The democratic movement in all civilized countries is, in the last analysis, striving for the political domination of the proletariat. It therefore presupposes that a proletariat exists, that a ruling bourgeoisie exists, that an industry exists which gives birth to the proletariat and which has brought the bourgeoisie to power.

There is nothing of all this either in Norway or in Ur-Switzerland. In Norway, we have the very famous peasant regiment (bonde-regimente); in Ur-Switzerland a number of rough shepherds who, despite their democratic constitution, are ruled by a few big landowners, Abyberg, etc., in patriarchal fashion. A bourgeoisie only exists in exceptional cases in Norway, and not at all inUr-Switzerland. The proletariat is practically non-existent.

The democracy prevailing in civilized countries, modern democracy, has thus nothing whatever in common with Norwegian or Ur-Swiss democracy. It does not wish to bring about the Norwegian and Ur-Swiss state of affairs but something absolutely different. Let us nevertheless look a little closer at this primitive-Germanic democracy and deal first with Ur-Switzerland, which is what above all concerns us here.

Is there a German philistine who does not rave about William Tell, the liberator of his Fatherland; a schoolmaster who does not celebrate Morgarten, Sempach, and Murten along with Marathon, Plataea, and Salamis; a hysterical old maid who does not go into raptures over the strong leg calves and sturdy thighs of the chaste Alpine youths? The glory of Ur-Swiss valor, freedom, skill, and strength has been endlessly praised in verse and prose from Aegidius Tschudi to Johannes von Müller, from Florian to Schiller.  The carbines and cannons of the twelve cantons now provide a commentary on these enthusiastic panegyrics.

The Ur-Swiss have drawn attention to themselves twice during the course of history. The first time, when they freed themselves gloriously from Austrian tyranny; the second at the present time, when they march off to fight in God’s name for the Jesuits and the Fatherland.

On closer examination, the glorious liberation from the talons of the Austrian eagle does not look at all good. The House of Austria was progressive just once in the whole of its career; this was at the beginning of its existence when it allied itself with the urban petty bourgeoisie against the nobility, and sought to found a German monarchy.  It was progressive in the most philistine of ways but it was progressive nonetheless.  And who opposed it most resolutely?

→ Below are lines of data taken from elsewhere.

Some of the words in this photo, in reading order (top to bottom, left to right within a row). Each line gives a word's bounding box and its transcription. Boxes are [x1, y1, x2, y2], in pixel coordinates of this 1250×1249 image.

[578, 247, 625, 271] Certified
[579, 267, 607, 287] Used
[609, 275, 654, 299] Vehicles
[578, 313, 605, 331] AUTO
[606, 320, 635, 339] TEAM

The Ur-Swiss.  The struggle of the Ur-Swiss against Austria, the glorious oath on the Grütli, Tell’s heroic shot, the eternally memorable victory at Morgarten, all this was the struggle of stubborn shepherds against the onward march of historical development, the struggle of obstinate, rooted local interests against the interests of the whole nation, the struggle of crude ignorance against enlightenment, of barbarism against civilization.  They won their victory over the civilization of the time, and as a punishment they were excluded from all further civilization.

As if this were not enough, these simple, stiff-necked shepherds were soon punished in a quite different way.   They escaped the domination of the Austrian nobility only to come under the yoke of the petty bourgeois of Zurich, Lucerne, Berne, and Basel.  These had already noted that the Ur-Swiss were just as strong and as stupid as their oxen.  They agreed to join the Swiss Confederation and stayed peacefully at home behind their counters while the thick-headed Alpine shepherds fought out all their battles with the nobility and the princes for them.  This is what happened at Sempach, Granson, Murten, and Nancy.  In return, these people were allowed to arrange their internal affairs as they wished and so they remained in blissful ignorance of how they were being exploited by their dear fellow-Confederationists.

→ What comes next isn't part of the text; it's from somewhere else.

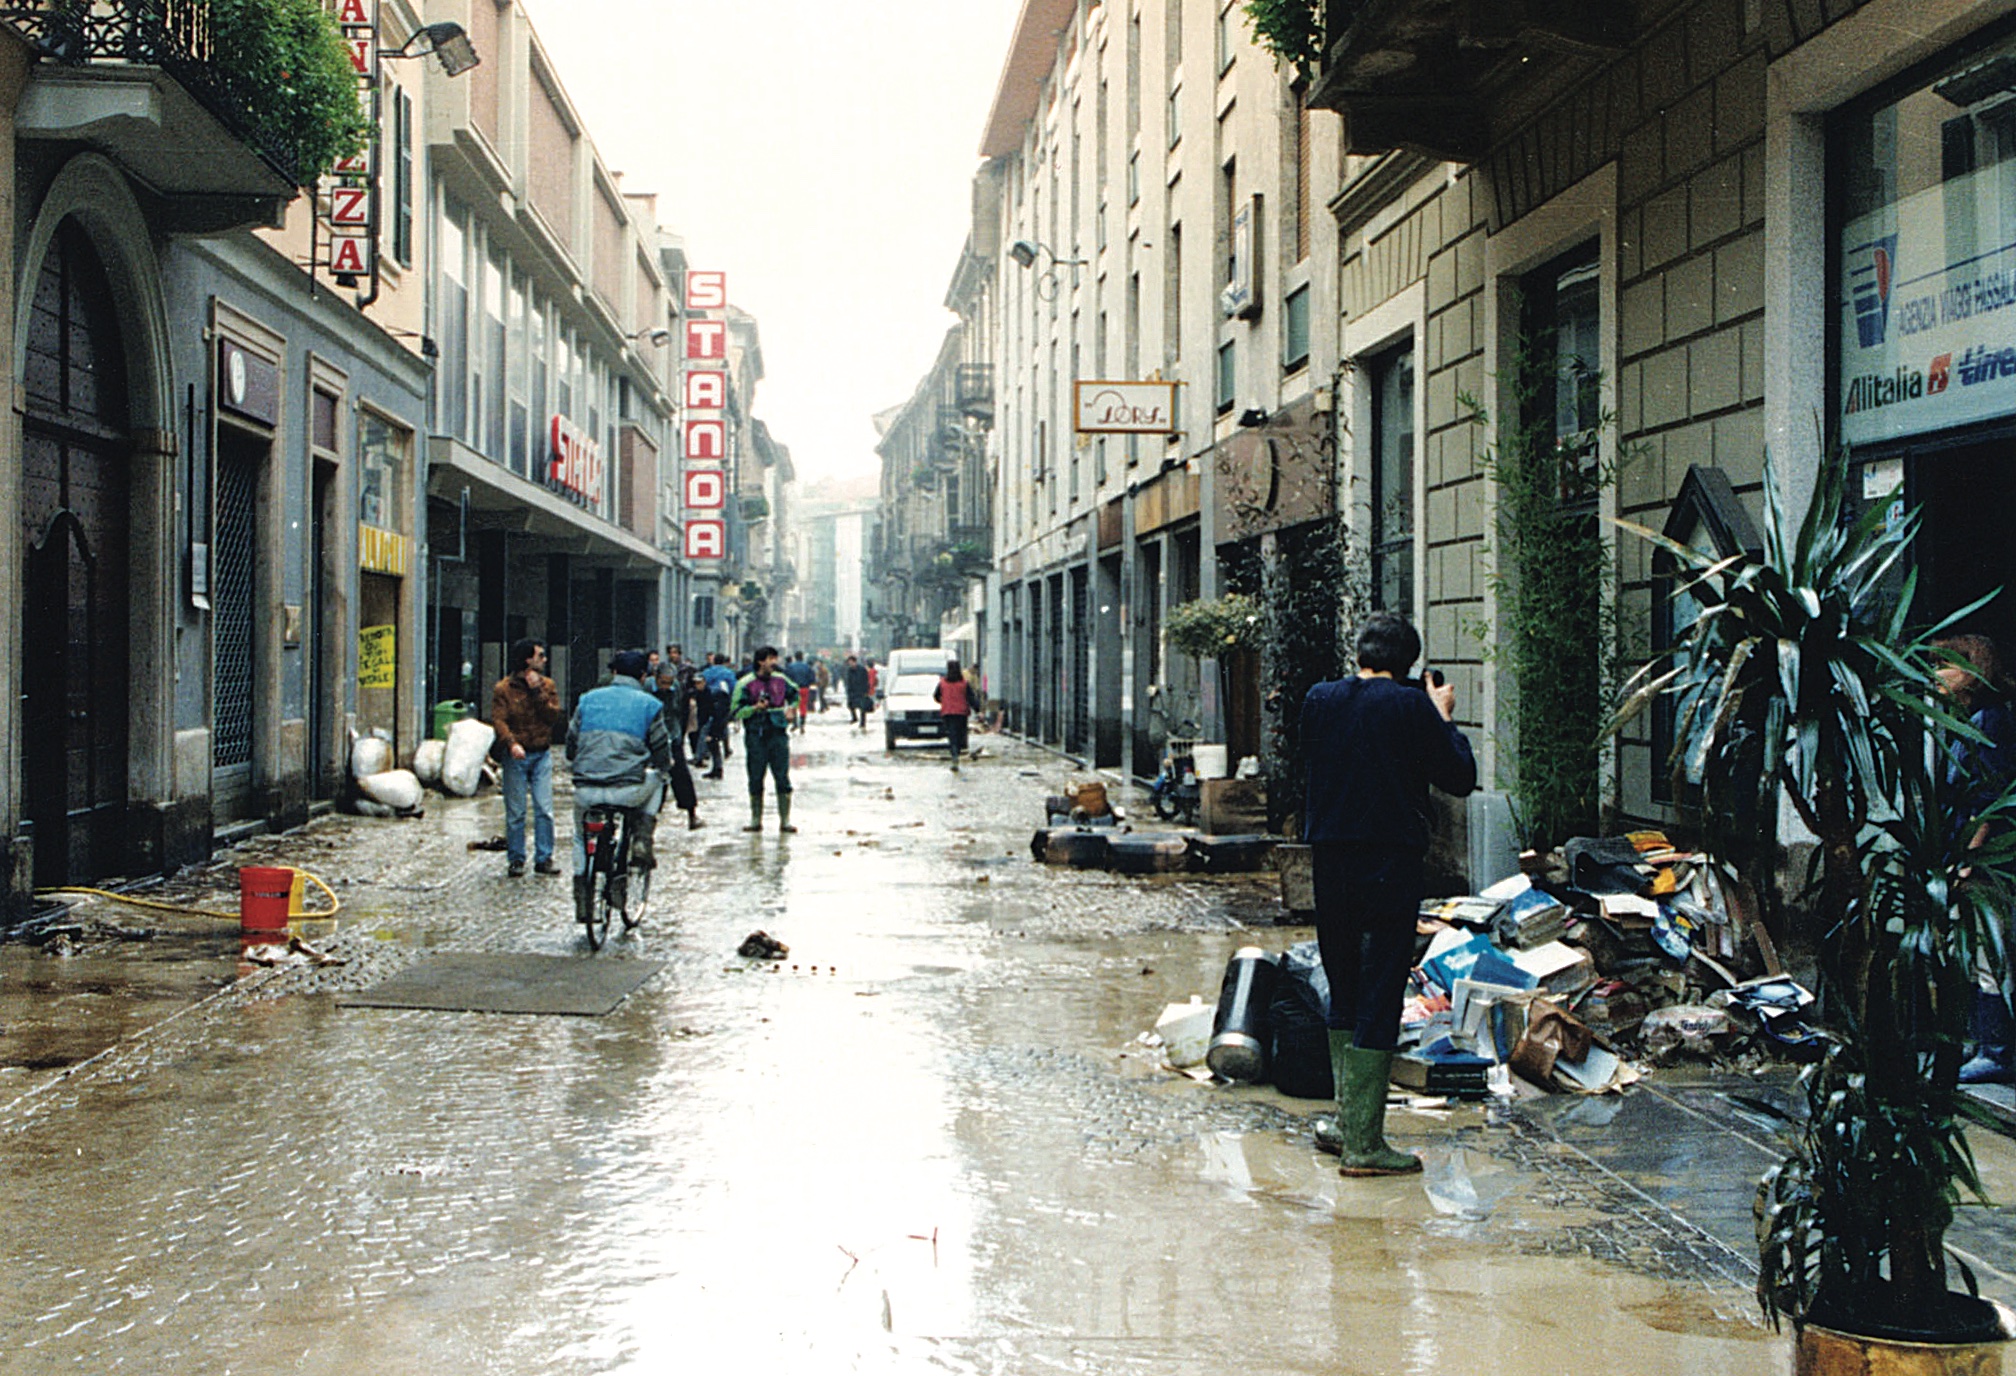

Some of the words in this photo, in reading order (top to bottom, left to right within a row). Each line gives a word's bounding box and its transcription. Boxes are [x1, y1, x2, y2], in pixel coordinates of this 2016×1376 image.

[333, 0, 369, 271] ANZZA
[688, 273, 724, 556] STANDA
[1845, 364, 1922, 415] Alitalia

Since then nothing much has been heard of them.  They busied themselves in all piety and propriety with milking the cows, with cheese-making, chastity and yodeling.  From time to time they had folk assemblies at which they divided into horn-men, claw-men, and other animal-like groups, and these gatherings never ended without a hearty, Christian-Germanic fight.  They were poor but pure in heart, stupid but pious and well-pleasing to the Lord, brutal but broad-shouldered and had little brain but plenty of brawn. From time to time there were too many of them and then the young men went off on their “travels,” i.e., enlisted in foreign armies where they displayed the most steadfast loyalty to the flag no matter what happened.  One can only say of the Swiss that they let themselves be killed most conscientiously for their pay.

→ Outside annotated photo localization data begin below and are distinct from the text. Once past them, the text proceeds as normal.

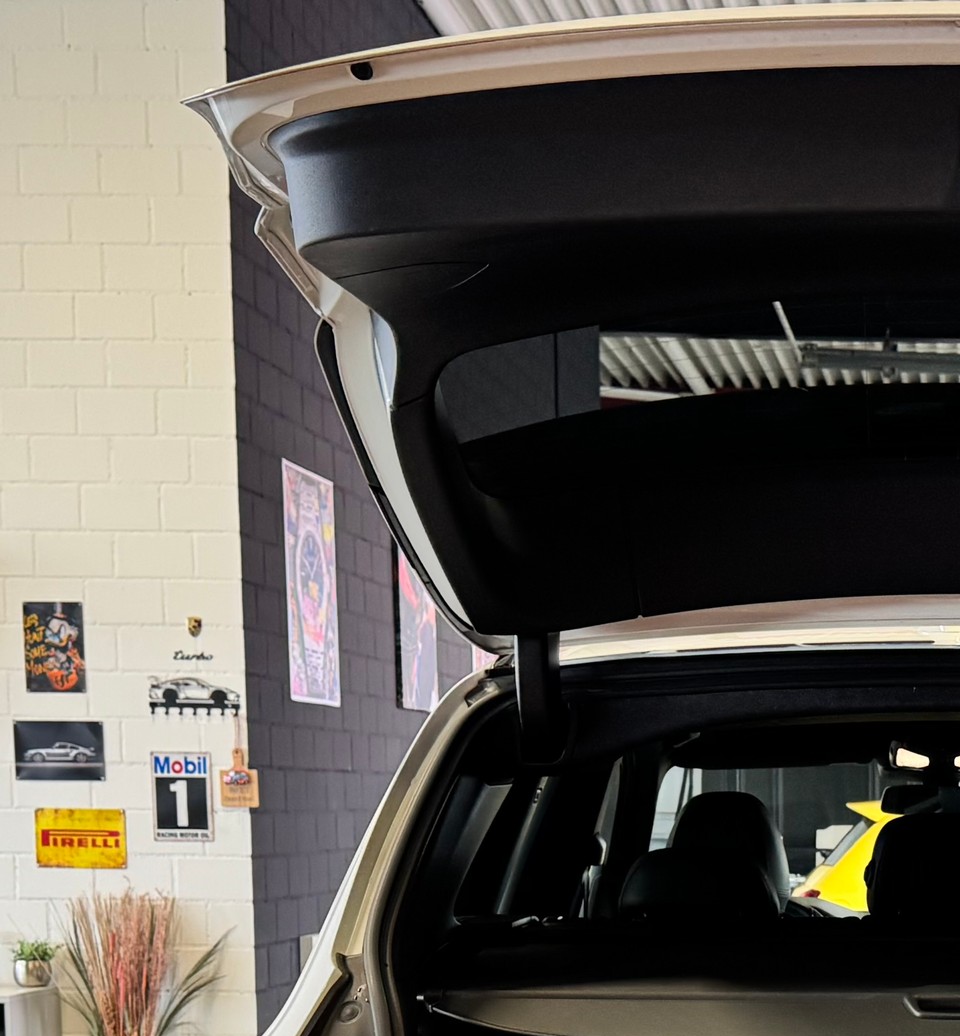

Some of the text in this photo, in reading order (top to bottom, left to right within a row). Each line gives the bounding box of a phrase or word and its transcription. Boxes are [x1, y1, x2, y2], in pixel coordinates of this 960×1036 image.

[173, 650, 213, 660] Turbo
[154, 756, 207, 774] Mobil
[169, 780, 189, 827] 1
[41, 829, 120, 848] PIRELLI
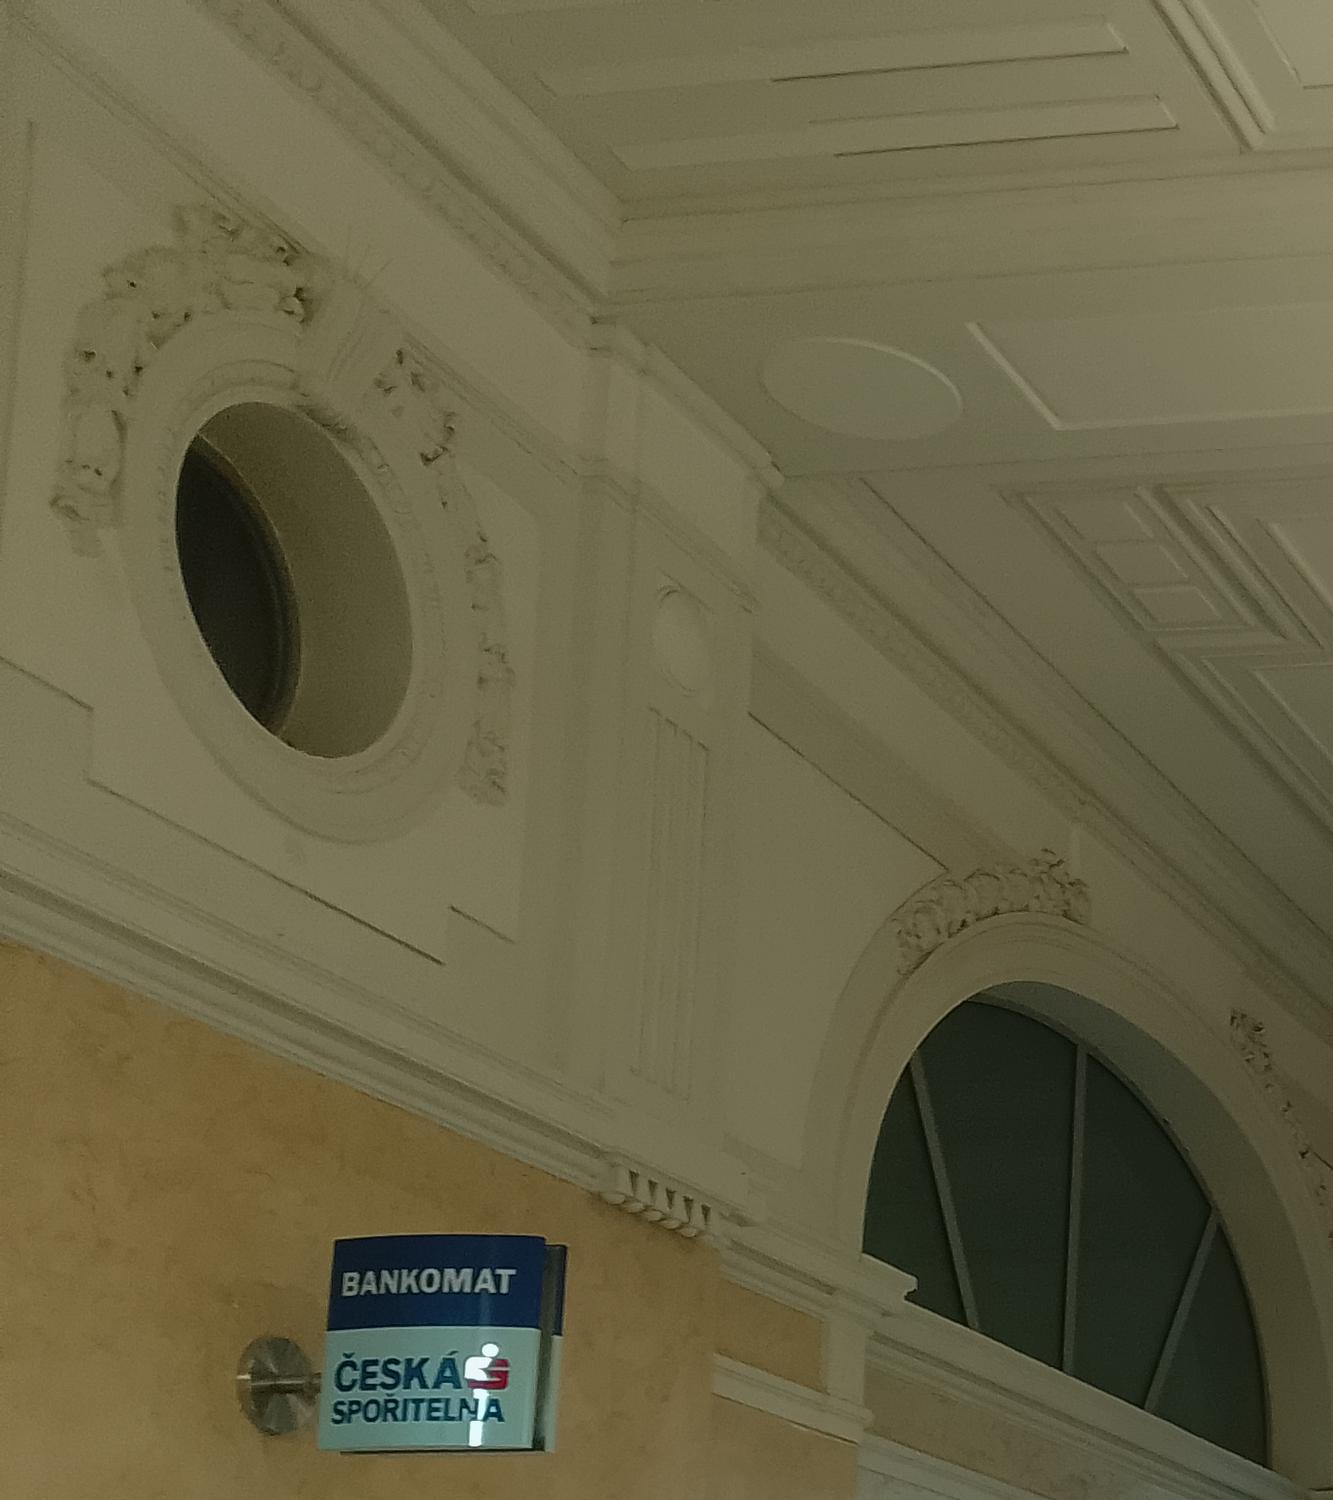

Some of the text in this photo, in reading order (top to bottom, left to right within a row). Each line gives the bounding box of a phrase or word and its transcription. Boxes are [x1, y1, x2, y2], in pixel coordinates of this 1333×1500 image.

[341, 1267, 518, 1298] BANKOMAT
[333, 1350, 464, 1393] ČESKÁ
[330, 1393, 506, 1426] SPOŘITELNA

The greatest boast of these burly Ur-Swiss was that from time immemorial they had never deviated by a hair’s breadth from the customs of their forefathers, that they had retained the simple, chaste, upright, and virtuous customs of their fathers unsullied throughout the centuries. And this is true. Every attempt at civilization was defeated by the granite walls of their mountains and of their heads.  From the days when Winkelried’s first ancestor led his cow, with the inevitable little pastoral bell round its neck, on to the virgin pastures of the Vierwaldstätter Lake, up to the present day, when the latest descendant of Winkelried has his gun blessed by the priest, all houses have been built in the same way, all cows milked in the same way, all pigtails plaited in the same way, all cheeses prepared according to the same recipe, all children made in the same way.  Here, in the mountains, is Paradise, here the Fall of Man has not yet come to pass.  And should some innocent Alpine lad happen to find his way to the great outside world and allow himself to be tempted for a moment by the seductions of the big cities, by the artificial charms of a decadent civilization, by the vices of sinful countries, which have no mountains and where corn thrives — his innocence is so deep-rooted that he can never quite succumb.  A sound strikes his ear, just two of those notes of the Alpine cowherd’s call that sound like a dog’s howling, and he falls on his knees, weeping and overwhelmed with remorse, and at once tears himself from the arms of seduction and will not rest until he lies at the feet of his old father! “Father, I have sinned against my ancient mountains and in thy sight, and am no more worthy to be called thy son.”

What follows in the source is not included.